== Data for analysis

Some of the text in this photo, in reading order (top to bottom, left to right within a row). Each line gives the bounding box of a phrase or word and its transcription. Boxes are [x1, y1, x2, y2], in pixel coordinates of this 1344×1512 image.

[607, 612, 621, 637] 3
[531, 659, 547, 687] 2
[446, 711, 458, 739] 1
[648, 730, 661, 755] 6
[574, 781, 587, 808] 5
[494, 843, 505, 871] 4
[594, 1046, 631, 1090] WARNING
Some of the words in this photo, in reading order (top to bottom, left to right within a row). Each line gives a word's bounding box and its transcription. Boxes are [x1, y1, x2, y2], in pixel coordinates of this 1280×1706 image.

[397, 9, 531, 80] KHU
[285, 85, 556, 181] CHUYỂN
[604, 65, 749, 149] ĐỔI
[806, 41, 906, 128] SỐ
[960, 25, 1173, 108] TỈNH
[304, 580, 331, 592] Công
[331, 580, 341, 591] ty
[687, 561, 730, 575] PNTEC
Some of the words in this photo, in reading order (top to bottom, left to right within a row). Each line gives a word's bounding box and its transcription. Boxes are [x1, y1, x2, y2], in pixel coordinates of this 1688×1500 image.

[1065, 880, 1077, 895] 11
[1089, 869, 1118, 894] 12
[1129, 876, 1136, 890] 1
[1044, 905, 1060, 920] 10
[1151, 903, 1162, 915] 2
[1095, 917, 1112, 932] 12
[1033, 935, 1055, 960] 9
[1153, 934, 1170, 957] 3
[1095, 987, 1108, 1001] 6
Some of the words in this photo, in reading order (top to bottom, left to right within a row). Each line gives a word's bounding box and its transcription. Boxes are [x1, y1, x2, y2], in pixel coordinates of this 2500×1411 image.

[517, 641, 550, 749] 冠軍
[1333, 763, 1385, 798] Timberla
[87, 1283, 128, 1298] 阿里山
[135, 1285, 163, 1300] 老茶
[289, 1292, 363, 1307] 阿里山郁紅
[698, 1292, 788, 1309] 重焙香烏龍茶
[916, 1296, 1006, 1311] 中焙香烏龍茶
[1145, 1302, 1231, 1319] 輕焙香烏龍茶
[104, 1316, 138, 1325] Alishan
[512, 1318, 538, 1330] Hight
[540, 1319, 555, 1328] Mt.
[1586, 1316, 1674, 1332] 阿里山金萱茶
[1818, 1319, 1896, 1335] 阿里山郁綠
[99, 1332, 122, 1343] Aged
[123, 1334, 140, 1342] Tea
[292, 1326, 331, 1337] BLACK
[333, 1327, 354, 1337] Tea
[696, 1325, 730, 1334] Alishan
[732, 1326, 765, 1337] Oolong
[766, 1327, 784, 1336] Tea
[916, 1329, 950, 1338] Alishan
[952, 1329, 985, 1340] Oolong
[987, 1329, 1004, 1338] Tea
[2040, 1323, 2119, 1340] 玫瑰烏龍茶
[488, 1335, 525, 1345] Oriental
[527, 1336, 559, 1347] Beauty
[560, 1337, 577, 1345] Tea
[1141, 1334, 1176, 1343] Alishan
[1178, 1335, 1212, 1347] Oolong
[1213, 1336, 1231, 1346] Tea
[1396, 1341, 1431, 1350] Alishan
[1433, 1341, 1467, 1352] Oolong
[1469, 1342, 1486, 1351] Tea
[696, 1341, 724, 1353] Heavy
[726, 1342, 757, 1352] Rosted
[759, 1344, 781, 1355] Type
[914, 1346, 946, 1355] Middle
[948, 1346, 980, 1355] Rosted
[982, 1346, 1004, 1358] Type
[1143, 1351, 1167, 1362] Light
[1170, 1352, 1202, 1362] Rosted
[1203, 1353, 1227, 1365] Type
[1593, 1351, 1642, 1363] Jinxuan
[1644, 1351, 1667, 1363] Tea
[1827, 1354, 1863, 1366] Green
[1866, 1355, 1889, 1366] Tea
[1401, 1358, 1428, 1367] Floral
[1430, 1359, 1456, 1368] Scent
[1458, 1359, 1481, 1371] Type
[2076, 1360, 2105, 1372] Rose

====

Word for word, give the records again.

**Task solution:**
Some of the text in this photo, in reading order (top to bottom, left to right within a row). Each line gives the bounding box of a phrase or word and its transcription. Boxes are [x1, y1, x2, y2], in pixel coordinates of this 1344×1512 image.

[607, 612, 621, 637] 3
[531, 659, 547, 687] 2
[446, 711, 458, 739] 1
[648, 730, 661, 755] 6
[574, 781, 587, 808] 5
[494, 843, 505, 871] 4
[594, 1046, 631, 1090] WARNING
Some of the words in this photo, in reading order (top to bottom, left to right within a row). Each line gives a word's bounding box and its transcription. Boxes are [x1, y1, x2, y2], in pixel coordinates of this 1280×1706 image.

[397, 9, 531, 80] KHU
[285, 85, 556, 181] CHUYỂN
[604, 65, 749, 149] ĐỔI
[806, 41, 906, 128] SỐ
[960, 25, 1173, 108] TỈNH
[304, 580, 331, 592] Công
[331, 580, 341, 591] ty
[687, 561, 730, 575] PNTEC
Some of the words in this photo, in reading order (top to bottom, left to right within a row). Each line gives a word's bounding box and its transcription. Boxes are [x1, y1, x2, y2], in pixel coordinates of this 1688×1500 image.

[1065, 880, 1077, 895] 11
[1089, 869, 1118, 894] 12
[1129, 876, 1136, 890] 1
[1044, 905, 1060, 920] 10
[1151, 903, 1162, 915] 2
[1095, 917, 1112, 932] 12
[1033, 935, 1055, 960] 9
[1153, 934, 1170, 957] 3
[1095, 987, 1108, 1001] 6
Some of the words in this photo, in reading order (top to bottom, left to right within a row). Each line gives a word's bounding box and its transcription. Boxes are [x1, y1, x2, y2], in pixel coordinates of this 2500×1411 image.

[517, 641, 550, 749] 冠軍
[1333, 763, 1385, 798] Timberla
[87, 1283, 128, 1298] 阿里山
[135, 1285, 163, 1300] 老茶
[289, 1292, 363, 1307] 阿里山郁紅
[698, 1292, 788, 1309] 重焙香烏龍茶
[916, 1296, 1006, 1311] 中焙香烏龍茶
[1145, 1302, 1231, 1319] 輕焙香烏龍茶
[104, 1316, 138, 1325] Alishan
[512, 1318, 538, 1330] Hight
[540, 1319, 555, 1328] Mt.
[1586, 1316, 1674, 1332] 阿里山金萱茶
[1818, 1319, 1896, 1335] 阿里山郁綠
[99, 1332, 122, 1343] Aged
[123, 1334, 140, 1342] Tea
[292, 1326, 331, 1337] BLACK
[333, 1327, 354, 1337] Tea
[696, 1325, 730, 1334] Alishan
[732, 1326, 765, 1337] Oolong
[766, 1327, 784, 1336] Tea
[916, 1329, 950, 1338] Alishan
[952, 1329, 985, 1340] Oolong
[987, 1329, 1004, 1338] Tea
[2040, 1323, 2119, 1340] 玫瑰烏龍茶
[488, 1335, 525, 1345] Oriental
[527, 1336, 559, 1347] Beauty
[560, 1337, 577, 1345] Tea
[1141, 1334, 1176, 1343] Alishan
[1178, 1335, 1212, 1347] Oolong
[1213, 1336, 1231, 1346] Tea
[1396, 1341, 1431, 1350] Alishan
[1433, 1341, 1467, 1352] Oolong
[1469, 1342, 1486, 1351] Tea
[696, 1341, 724, 1353] Heavy
[726, 1342, 757, 1352] Rosted
[759, 1344, 781, 1355] Type
[914, 1346, 946, 1355] Middle
[948, 1346, 980, 1355] Rosted
[982, 1346, 1004, 1358] Type
[1143, 1351, 1167, 1362] Light
[1170, 1352, 1202, 1362] Rosted
[1203, 1353, 1227, 1365] Type
[1593, 1351, 1642, 1363] Jinxuan
[1644, 1351, 1667, 1363] Tea
[1827, 1354, 1863, 1366] Green
[1866, 1355, 1889, 1366] Tea
[1401, 1358, 1428, 1367] Floral
[1430, 1359, 1456, 1368] Scent
[1458, 1359, 1481, 1371] Type
[2076, 1360, 2105, 1372] Rose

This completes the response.